→ **What is required**
Restate the data below word for word, and let no image into your version.

-=-=-

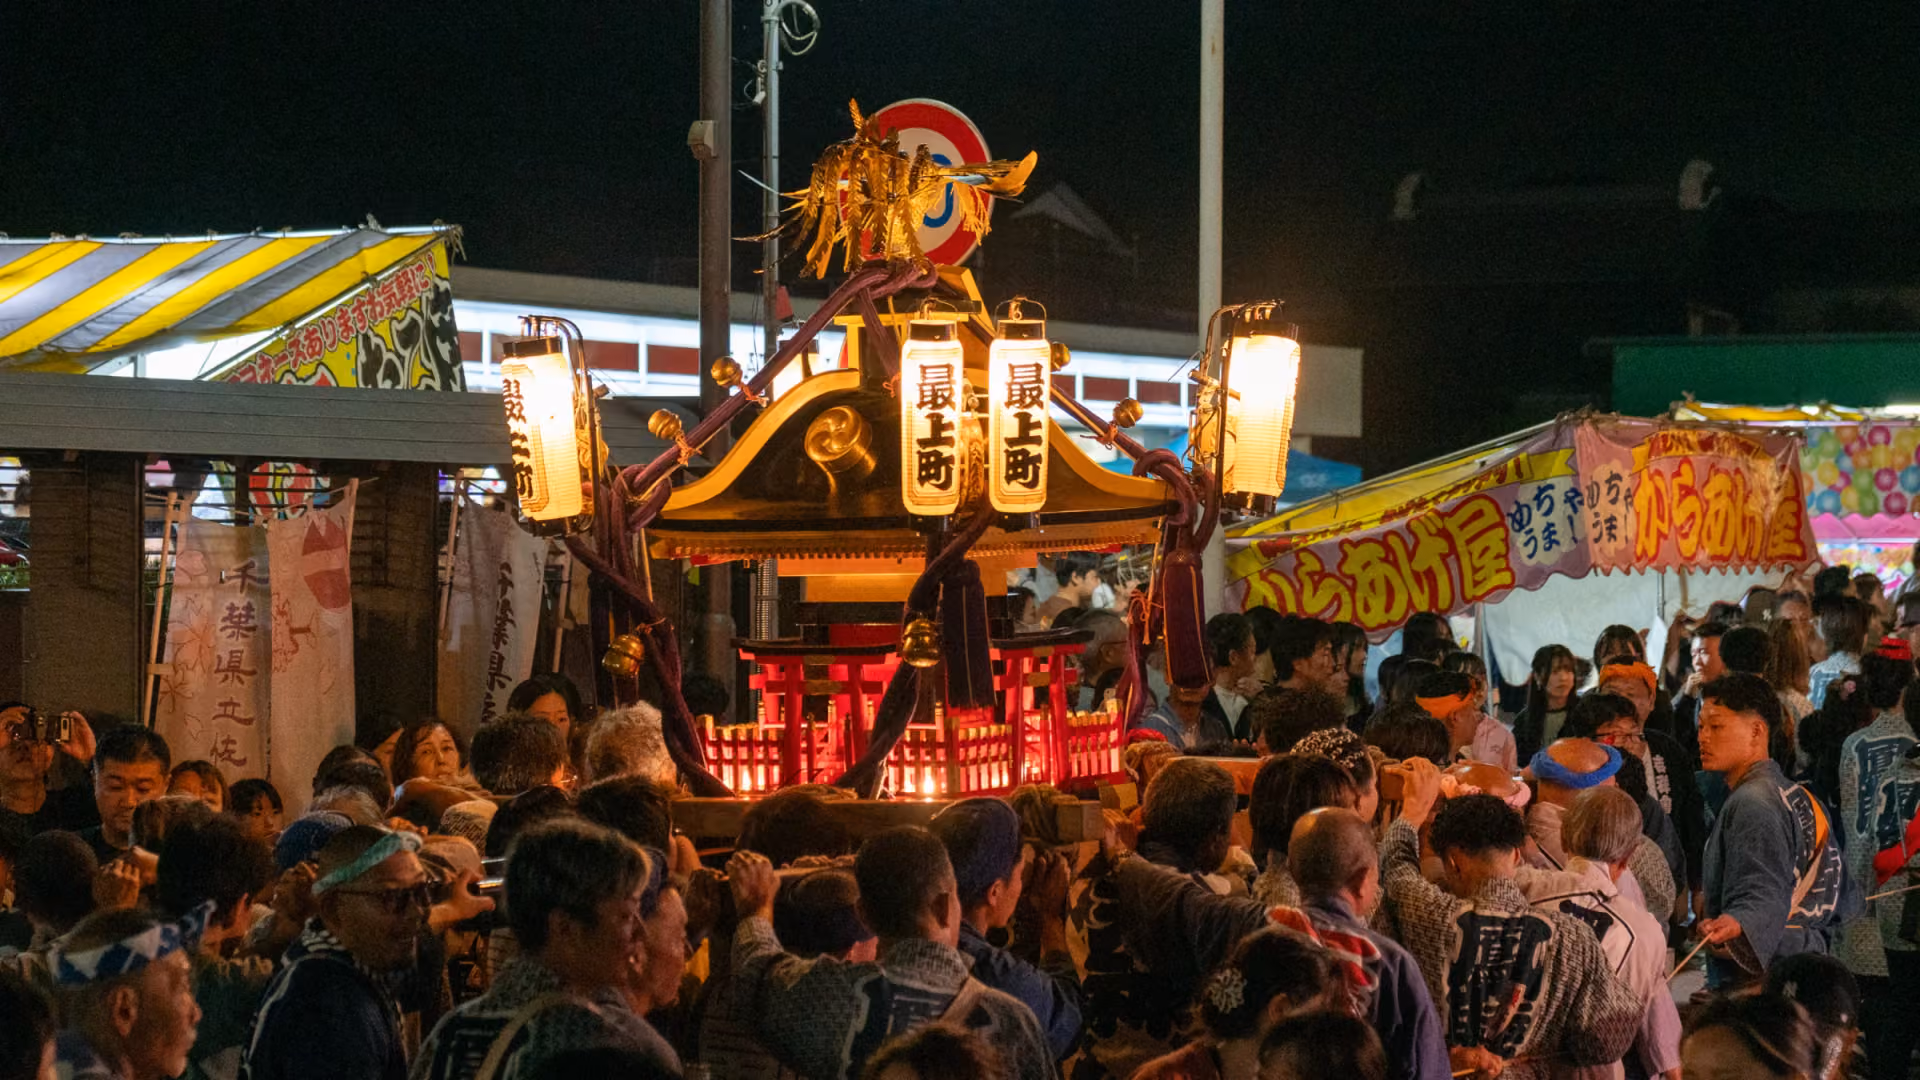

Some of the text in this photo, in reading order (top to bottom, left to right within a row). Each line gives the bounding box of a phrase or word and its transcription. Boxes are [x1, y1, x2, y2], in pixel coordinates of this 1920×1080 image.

[916, 362, 956, 490] 最上町
[1004, 362, 1046, 490] 最上町
[1242, 493, 1516, 630] からあげ屋
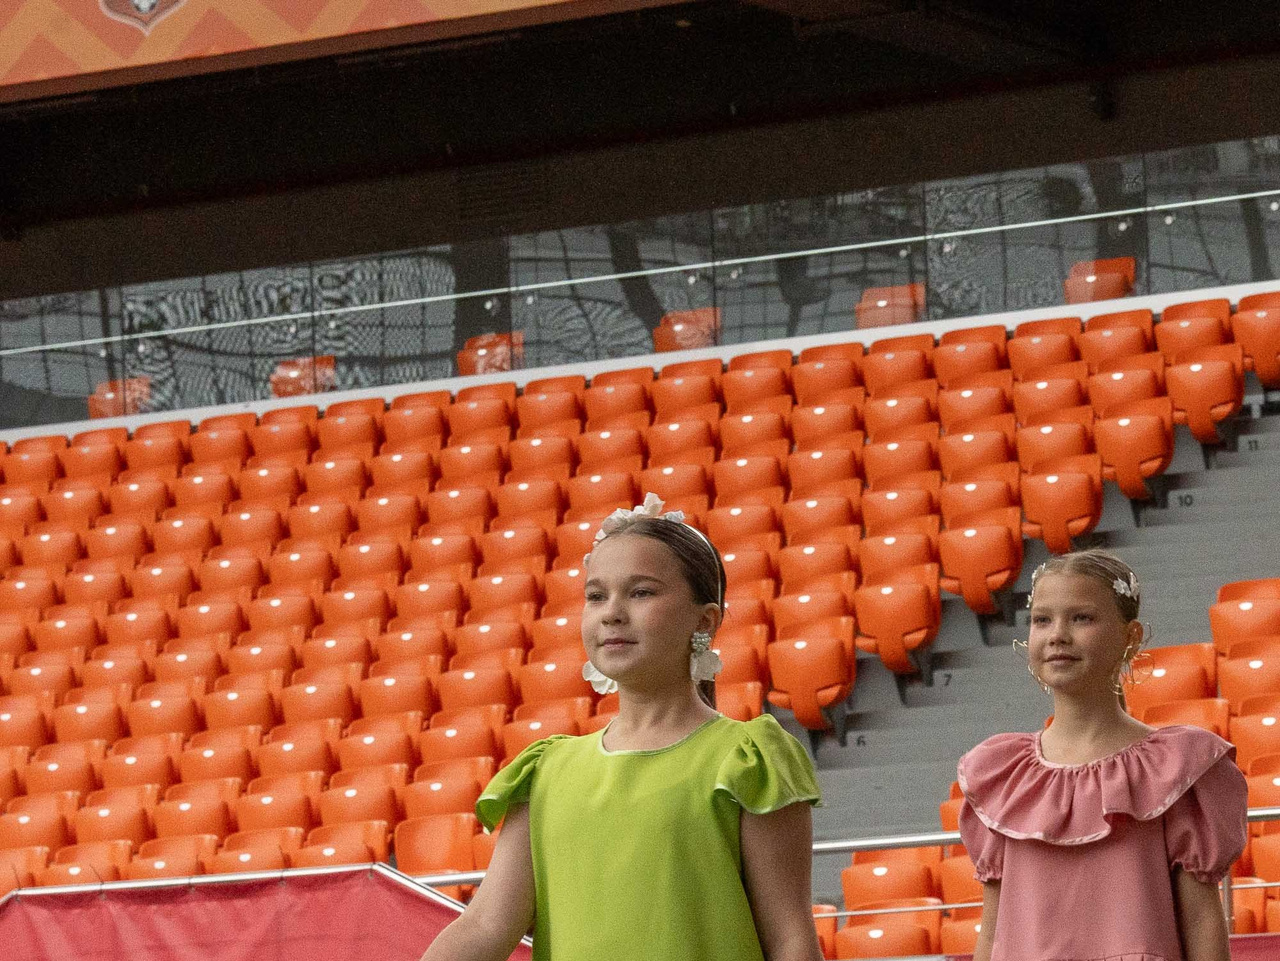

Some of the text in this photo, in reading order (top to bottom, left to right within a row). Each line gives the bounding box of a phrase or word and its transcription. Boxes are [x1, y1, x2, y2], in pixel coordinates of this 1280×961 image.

[1248, 439, 1259, 451] 11
[1178, 494, 1194, 507] 10
[943, 673, 953, 686] 7

-=-=-

→ **Response below**
Some of the text in this photo, in reading order (top to bottom, left to right within a row). Each line gives the bounding box of a phrase or word and its transcription. Boxes are [x1, y1, x2, y2], in pixel coordinates of this 1920×1080 image.

[916, 362, 956, 490] 最上町
[1004, 362, 1046, 490] 最上町
[1242, 493, 1516, 630] からあげ屋

Some of the text in this photo, in reading order (top to bottom, left to right within a row). Each line gives the bounding box of a phrase or word and its transcription. Boxes are [x1, y1, x2, y2], in pixel coordinates of this 1280×961 image.

[1248, 439, 1259, 451] 11
[1178, 494, 1194, 507] 10
[943, 673, 953, 686] 7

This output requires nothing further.